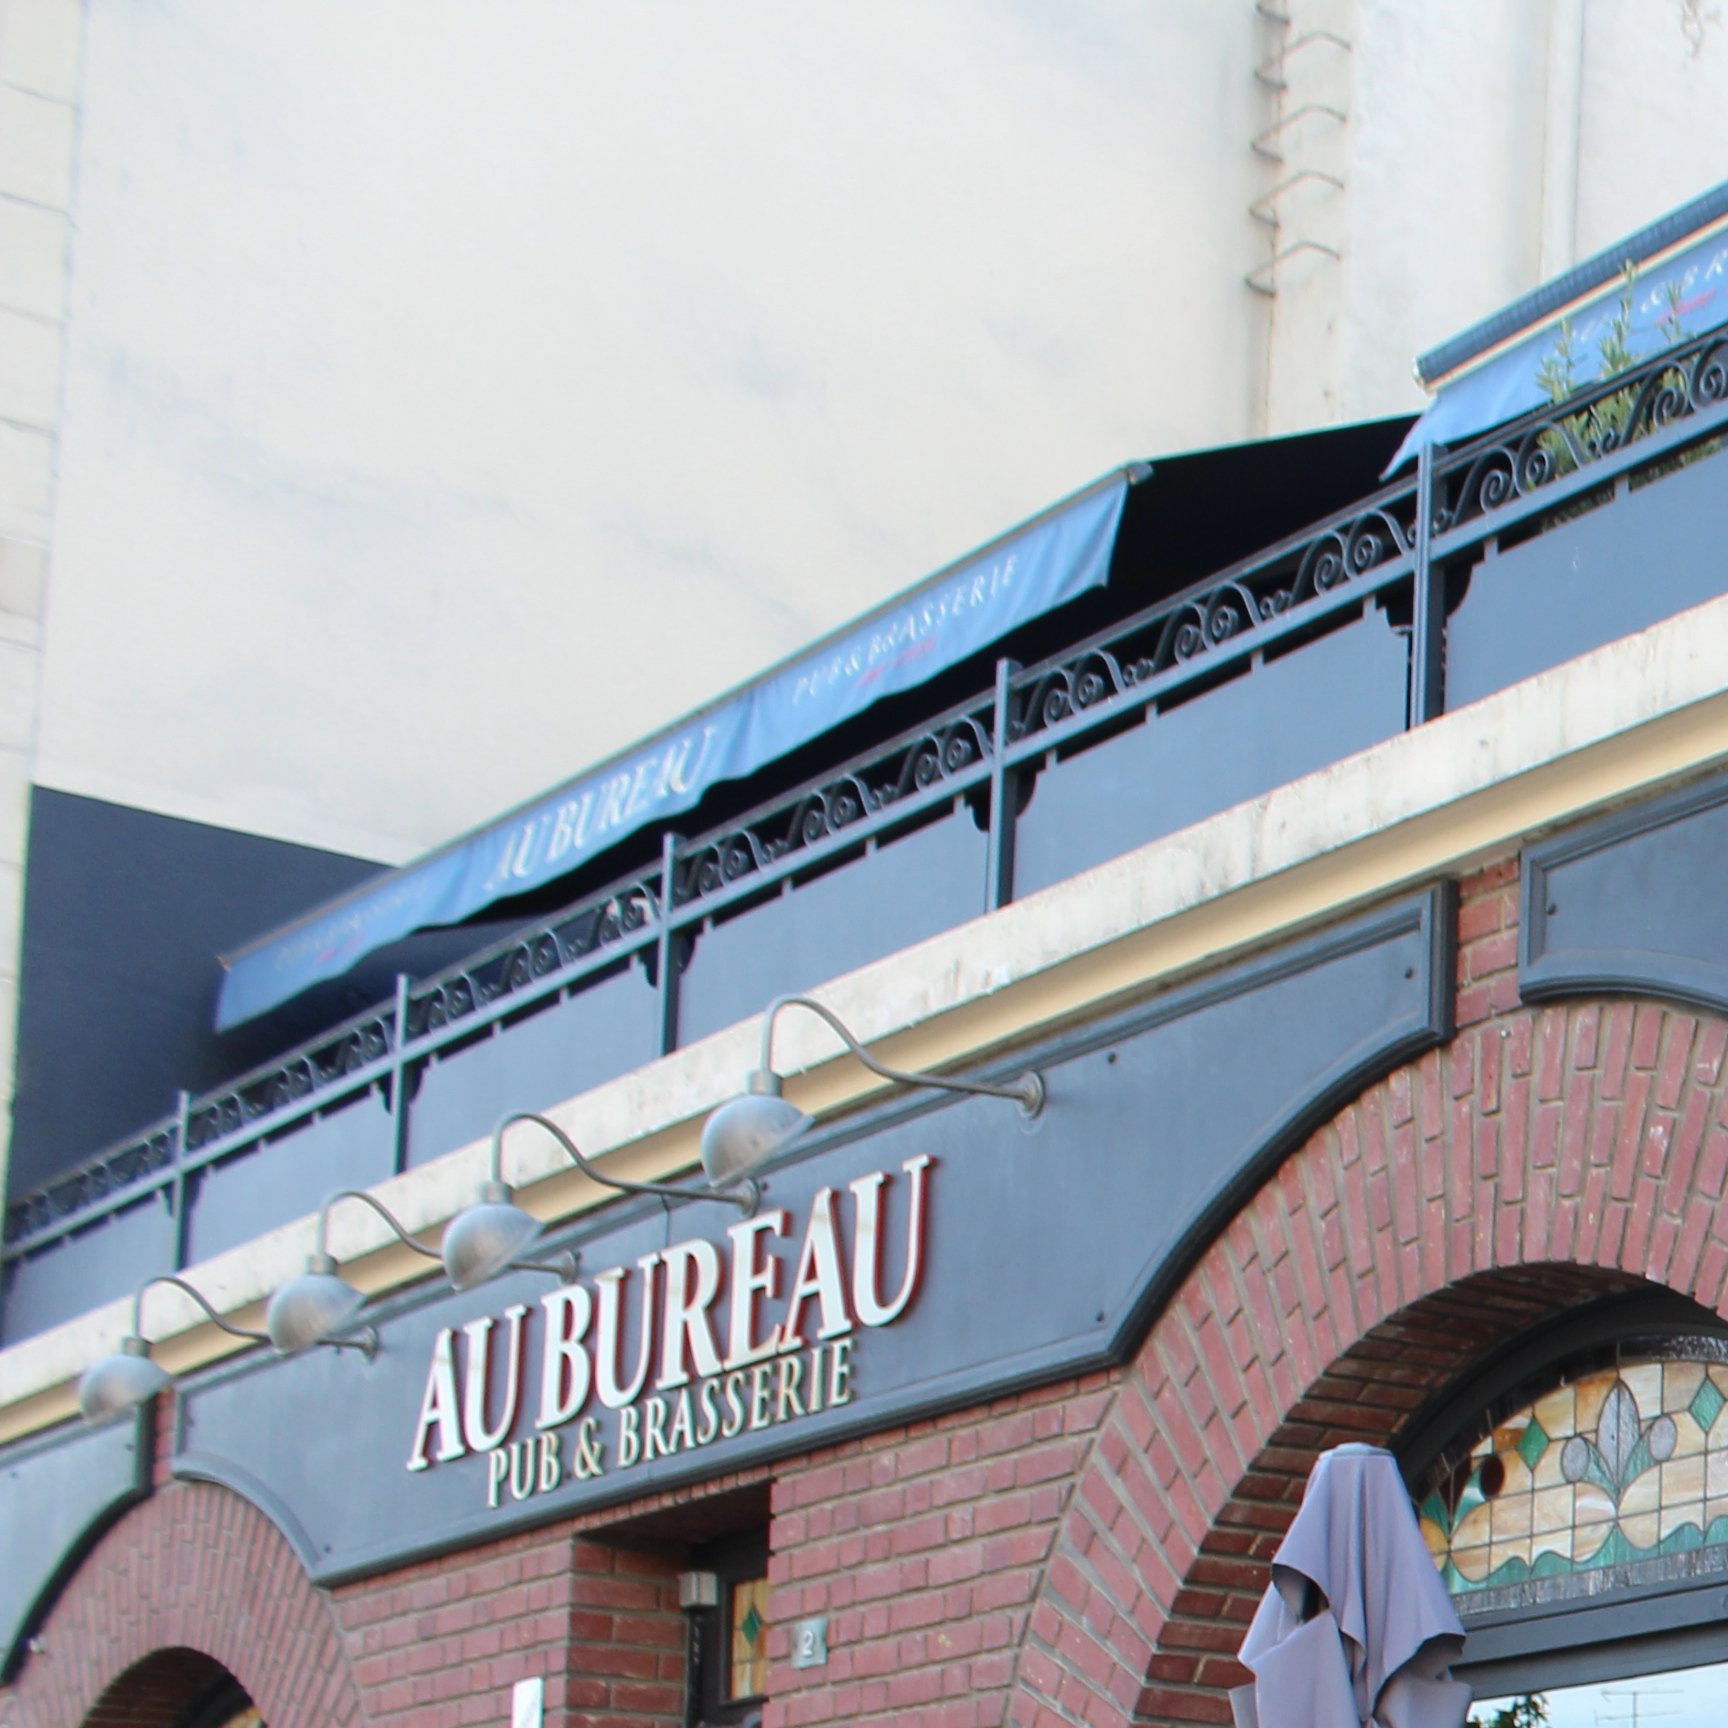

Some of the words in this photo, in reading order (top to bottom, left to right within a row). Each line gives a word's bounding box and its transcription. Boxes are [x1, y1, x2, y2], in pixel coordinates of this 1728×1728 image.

[406, 1301, 530, 1473] AU
[533, 1152, 937, 1431] BUREAU
[486, 1429, 562, 1508] PUB
[574, 1415, 604, 1481] &
[616, 1337, 857, 1470] BRASSERIE
[801, 1630, 815, 1656] 2
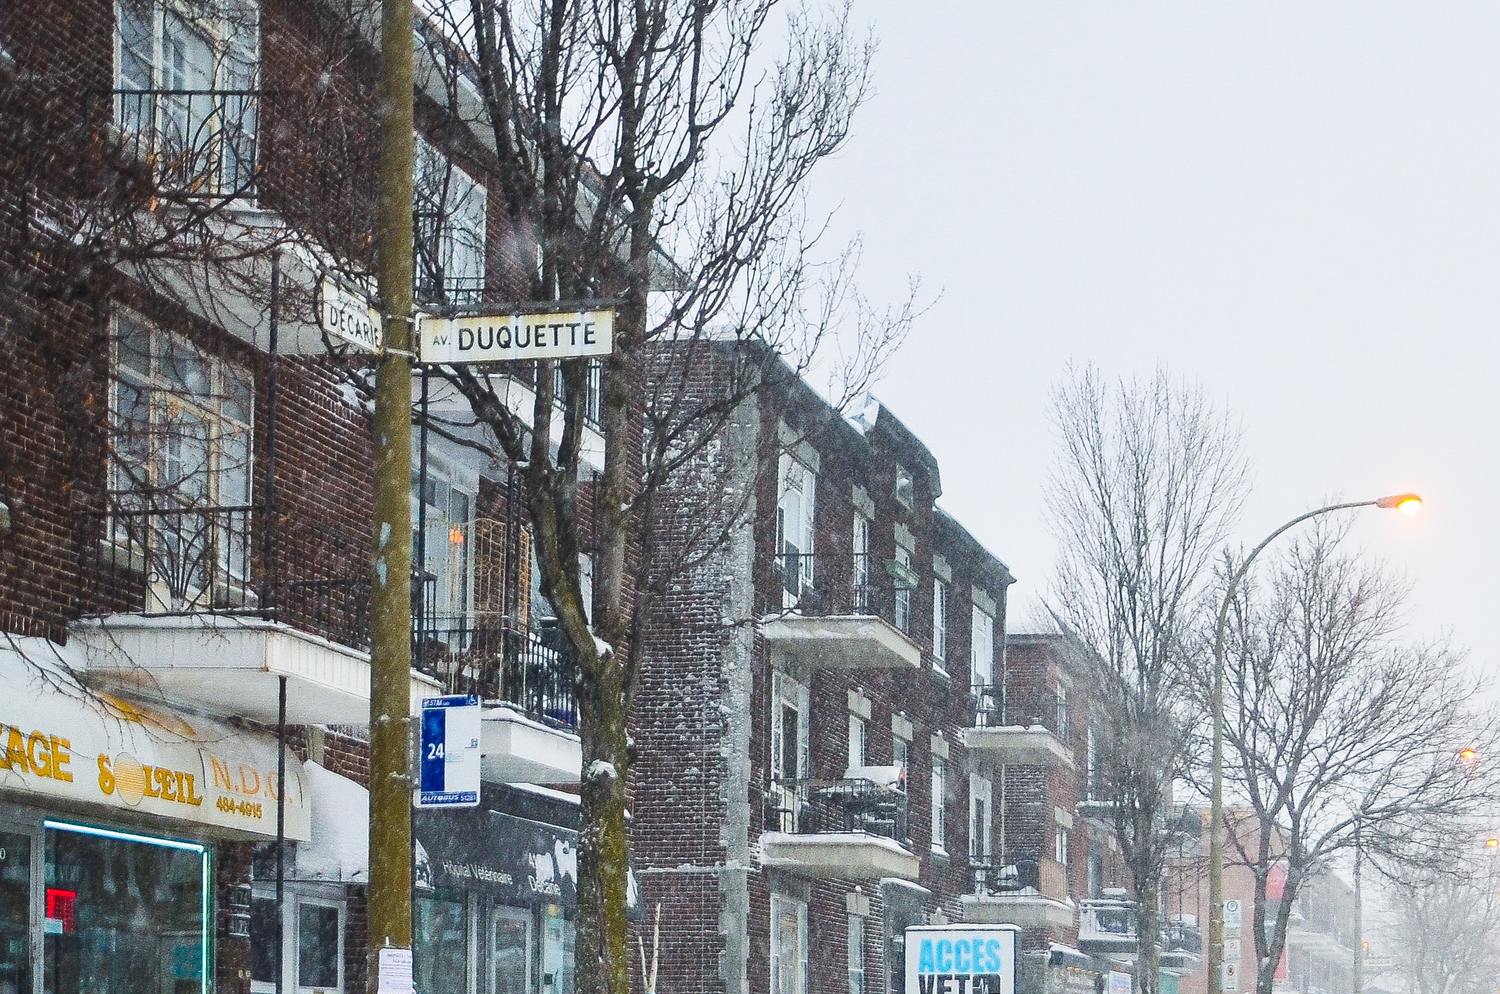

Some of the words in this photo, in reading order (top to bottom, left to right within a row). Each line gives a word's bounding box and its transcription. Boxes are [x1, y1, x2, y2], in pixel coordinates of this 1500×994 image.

[433, 335, 450, 346] AV.
[458, 322, 596, 351] DUQUETTE
[427, 742, 444, 760] 24
[918, 938, 1001, 973] ACCES
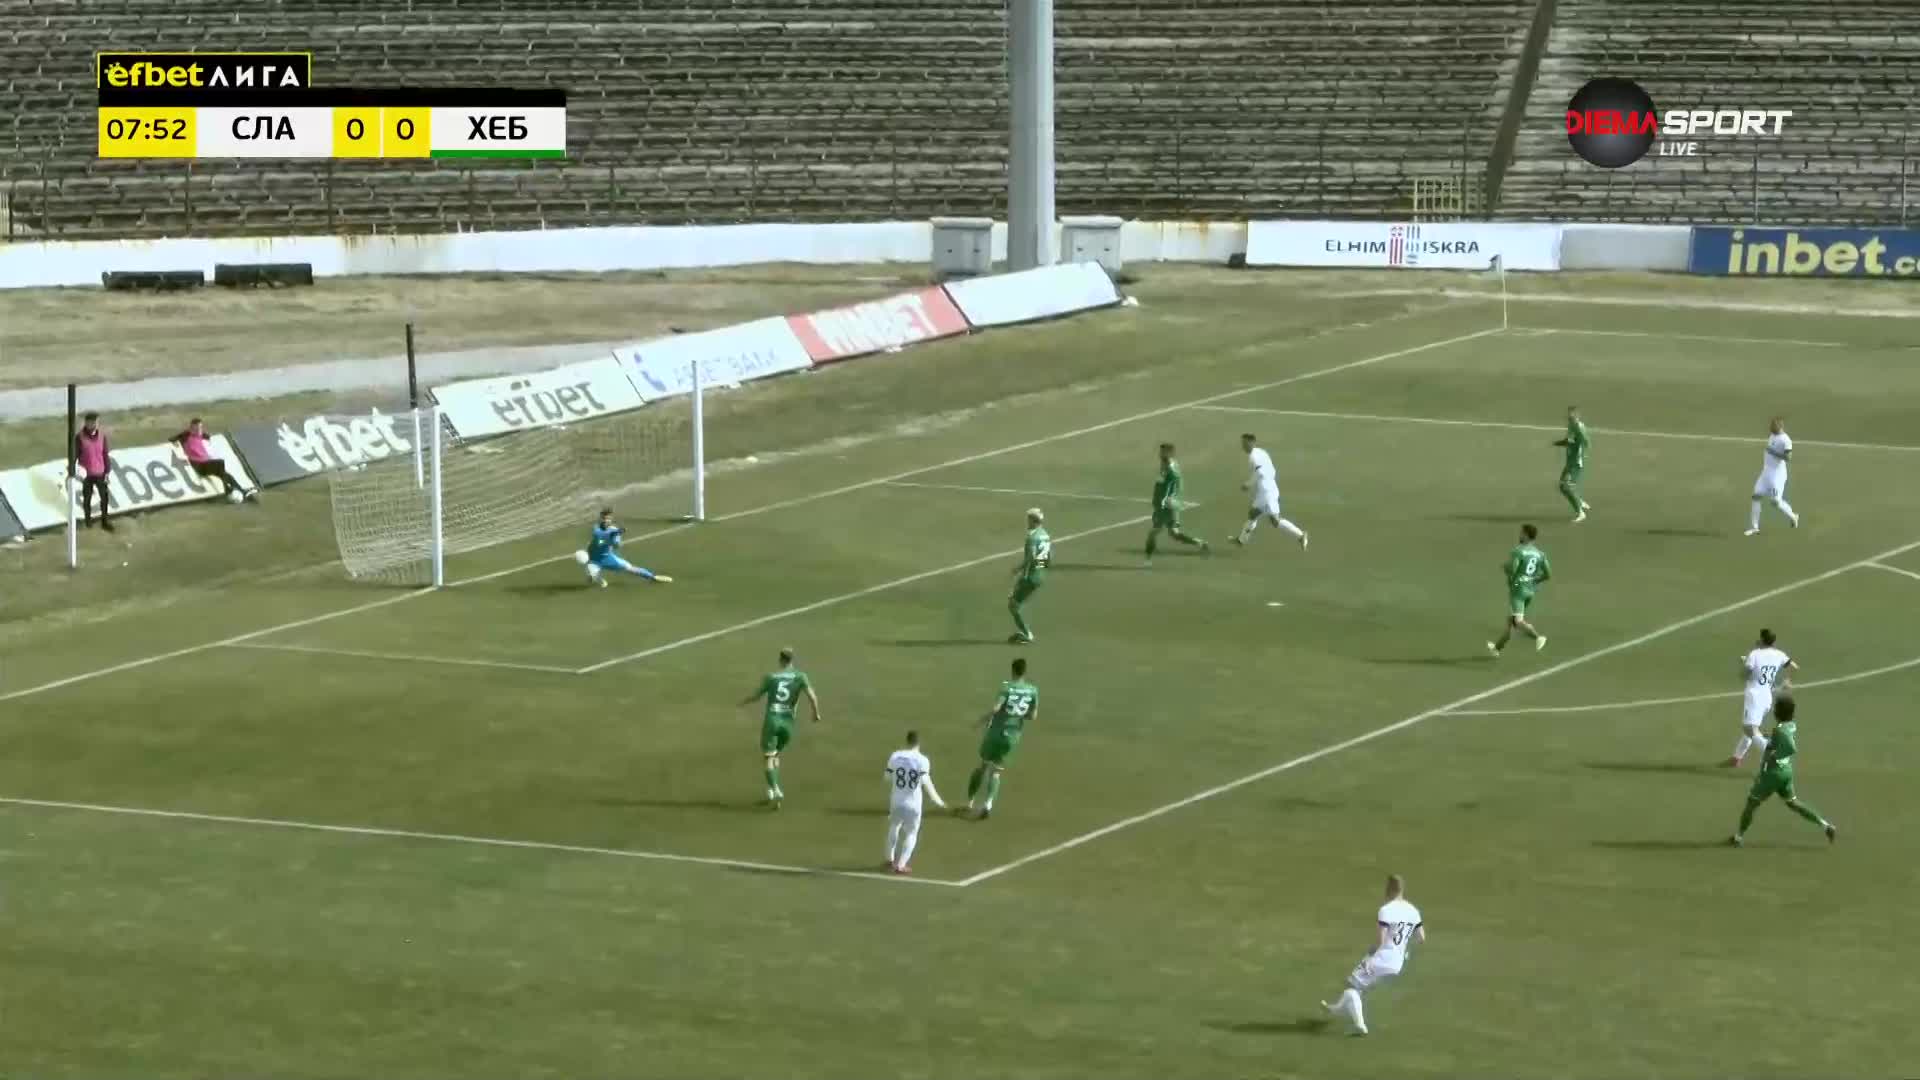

+++++

**REQUIREMENT:** Word for word, output the whole listing, but not its pictures.

**EXERCISE OUTPUT:**
Some of the words in this photo, in reading order (top to bottom, left to right within a row). Each line gives a word's bounding box and its transcription. Boxes are [x1, y1, x2, y2], in pixel coordinates of this 1728×1728 image.

[406, 1301, 530, 1473] AU
[533, 1152, 937, 1431] BUREAU
[486, 1429, 562, 1508] PUB
[574, 1415, 604, 1481] &
[616, 1337, 857, 1470] BRASSERIE
[801, 1630, 815, 1656] 2

Some of the words in this photo, in reading order (top to bottom, left to right within a row). Each line gives a word's bounding box and its transcription. Boxes are [x1, y1, x2, y2], in pixel coordinates of this 1500×994 image.

[433, 335, 450, 346] AV.
[458, 322, 596, 351] DUQUETTE
[427, 742, 444, 760] 24
[918, 938, 1001, 973] ACCES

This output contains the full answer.